ACTIVITY >>
What follows is a set of records. Retype them exactly, leaving out the pictures.
Segment Open
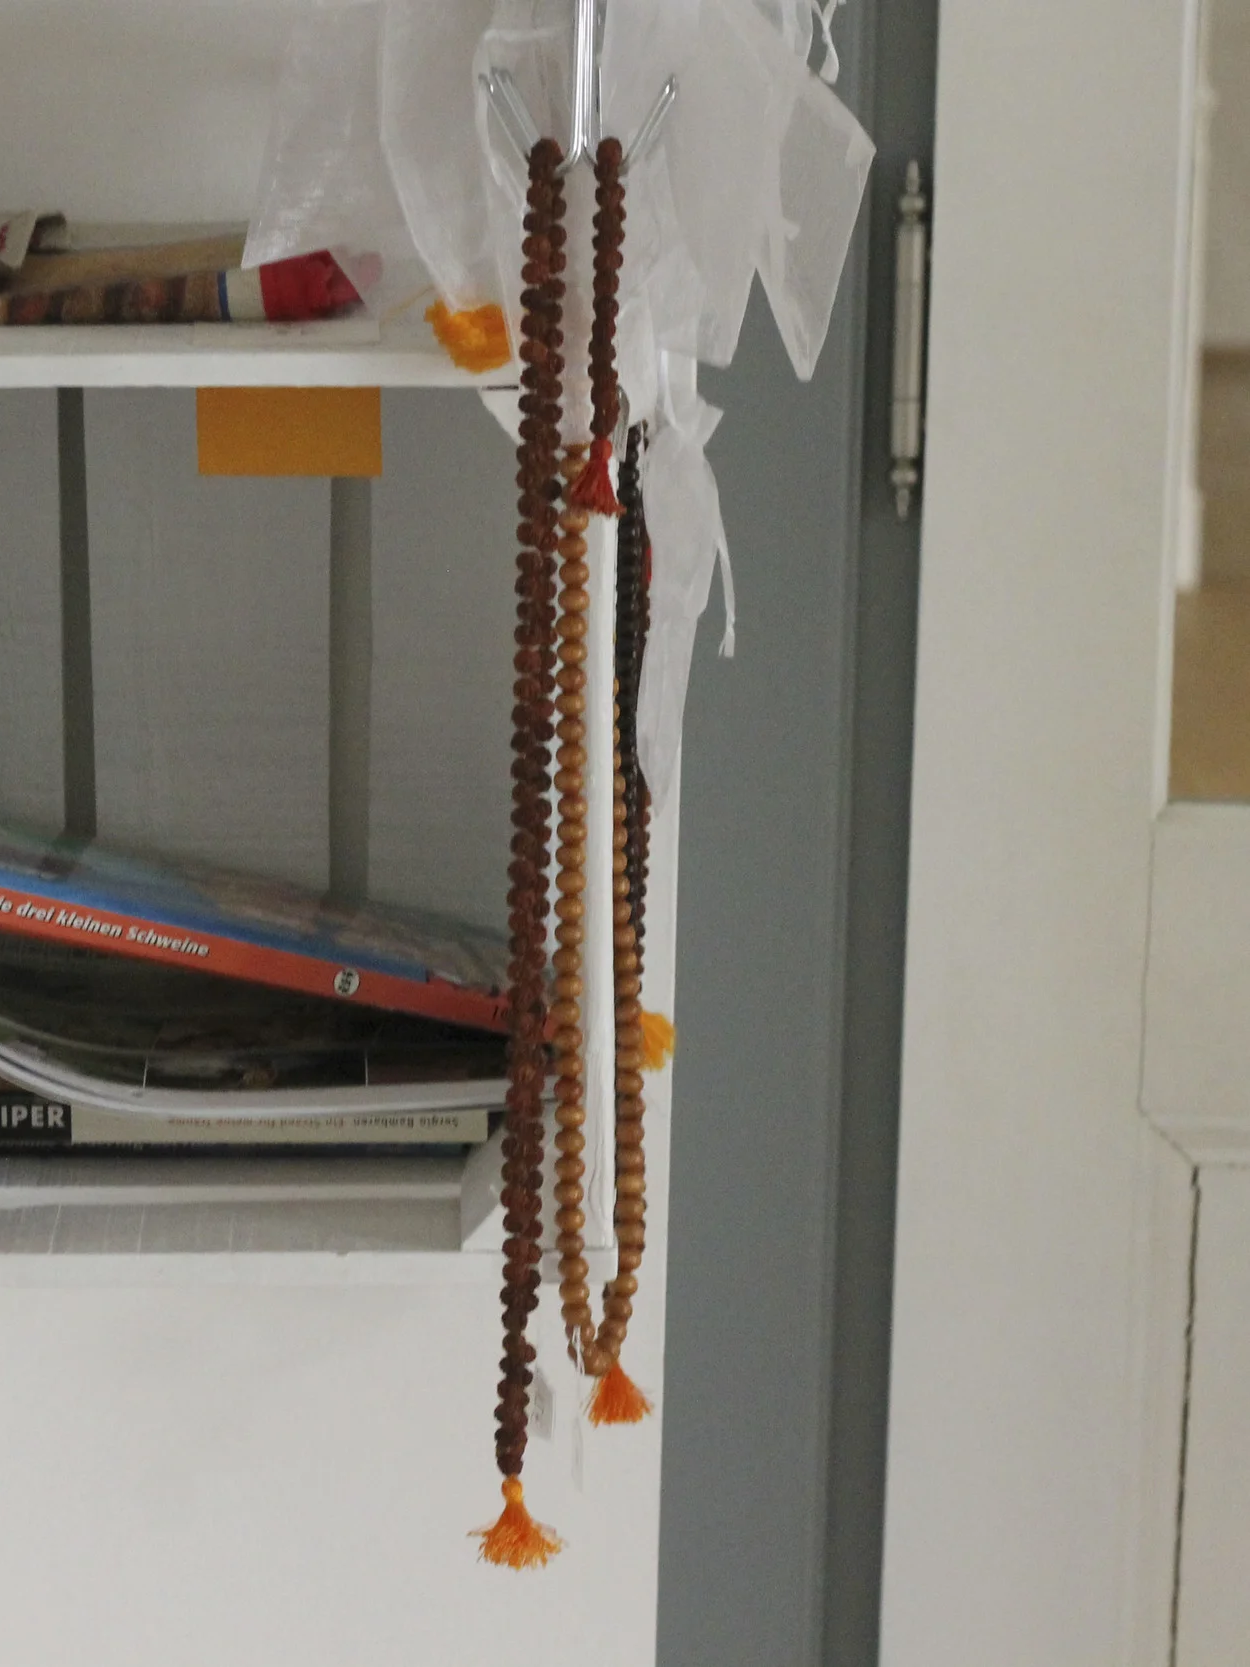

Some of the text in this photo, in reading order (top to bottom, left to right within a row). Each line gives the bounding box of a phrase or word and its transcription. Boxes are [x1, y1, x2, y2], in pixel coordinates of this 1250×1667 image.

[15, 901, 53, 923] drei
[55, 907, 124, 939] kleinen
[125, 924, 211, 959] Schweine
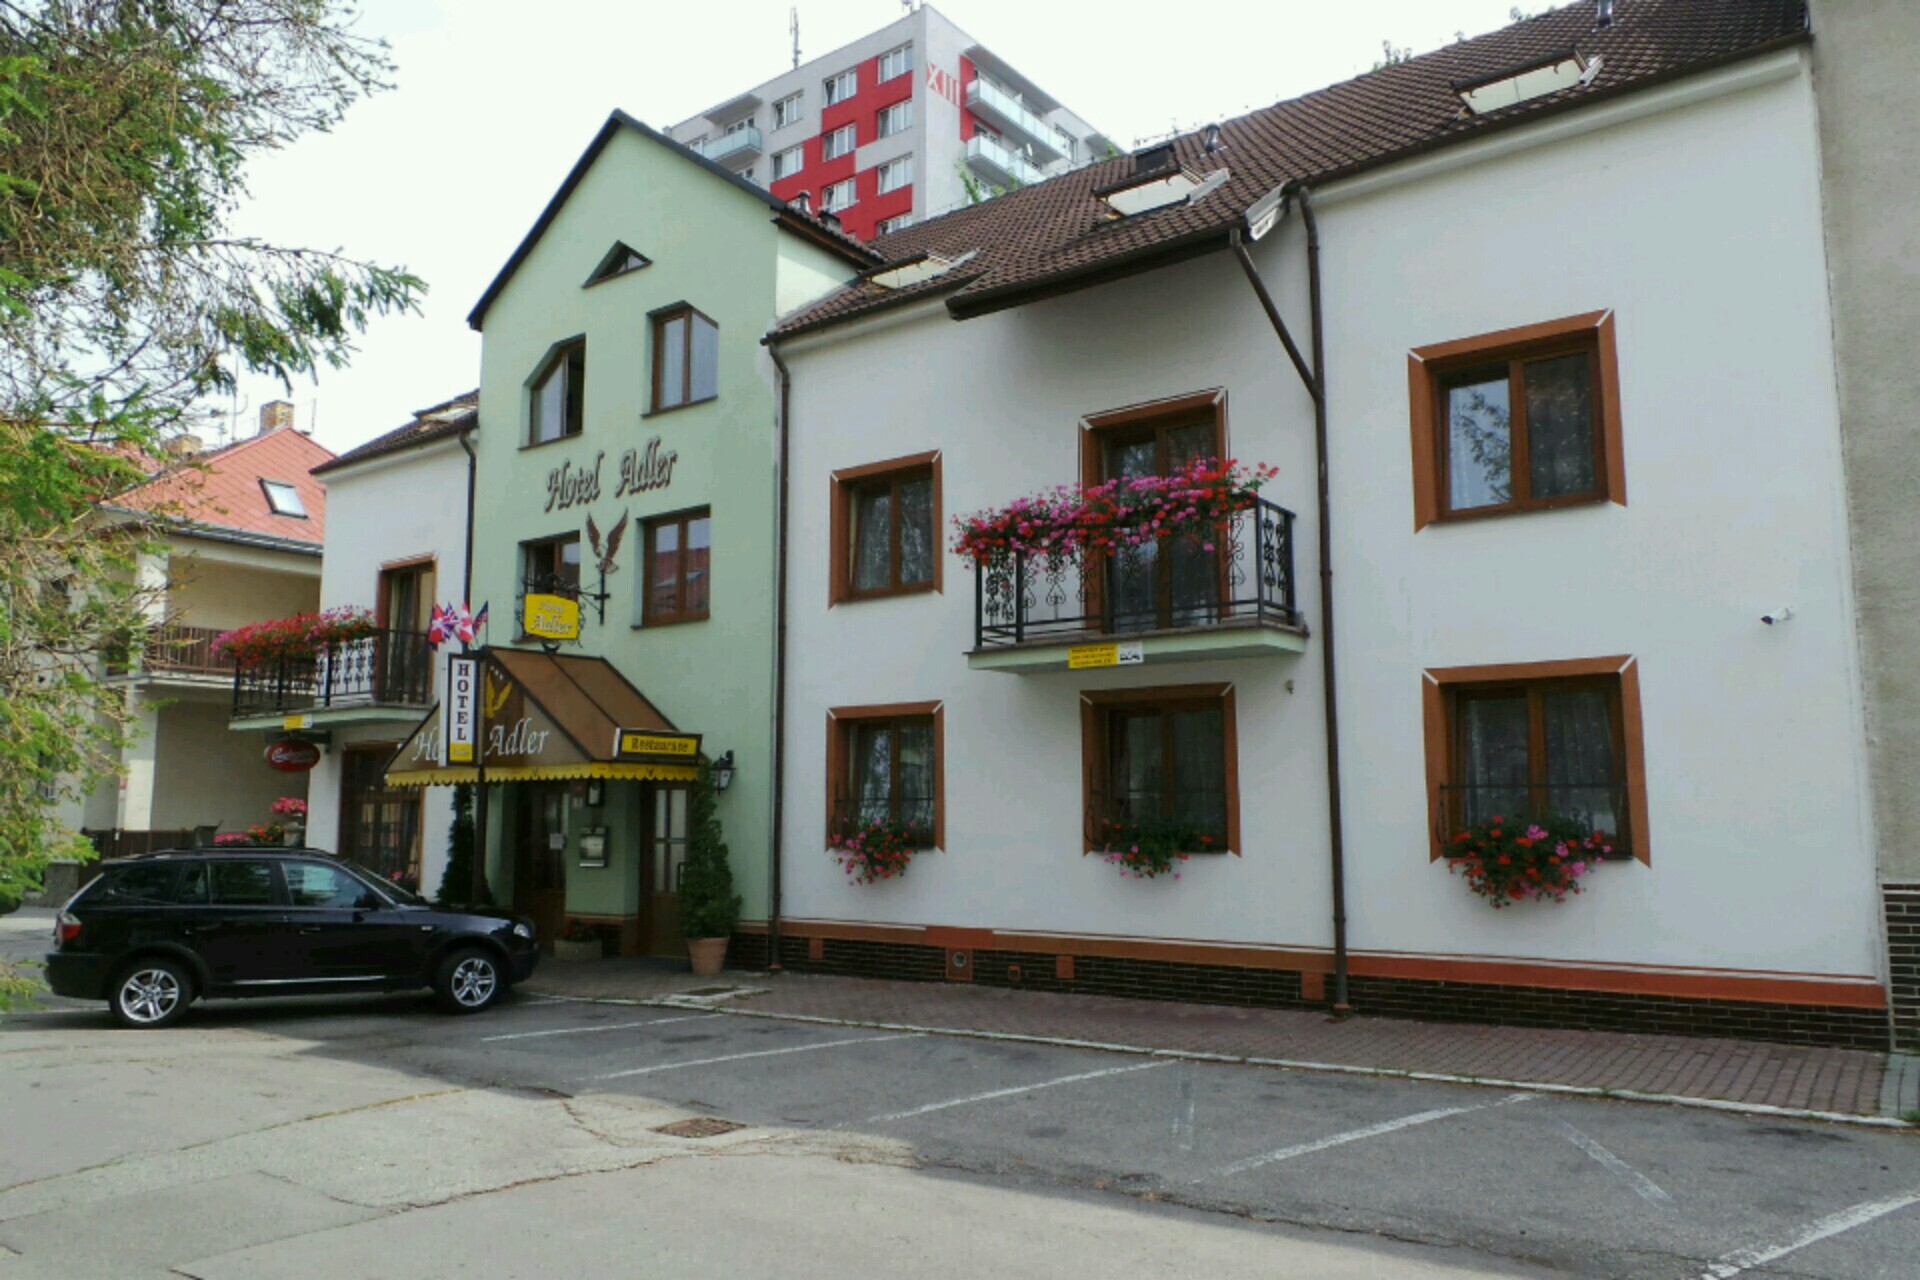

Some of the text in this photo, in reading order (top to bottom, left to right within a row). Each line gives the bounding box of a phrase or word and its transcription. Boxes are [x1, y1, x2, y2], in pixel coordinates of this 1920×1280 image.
Segment Closed
EXERCISE RESULT >>
Some of the text in this photo, in reading order (top to bottom, left to right within a row). Each line gives the bounding box of a phrase or word and its transcription. Boxes are [x1, y1, x2, y2], in pixel coordinates of this 1250×1667 image.

[15, 901, 53, 923] drei
[55, 907, 124, 939] kleinen
[125, 924, 211, 959] Schweine

Some of the text in this photo, in reading order (top to bottom, left to right within a row). Each line gives the bounding box of a phrase or word and its transcription. Boxes are [x1, y1, x2, y2], in pixel coordinates of this 1920×1280 image.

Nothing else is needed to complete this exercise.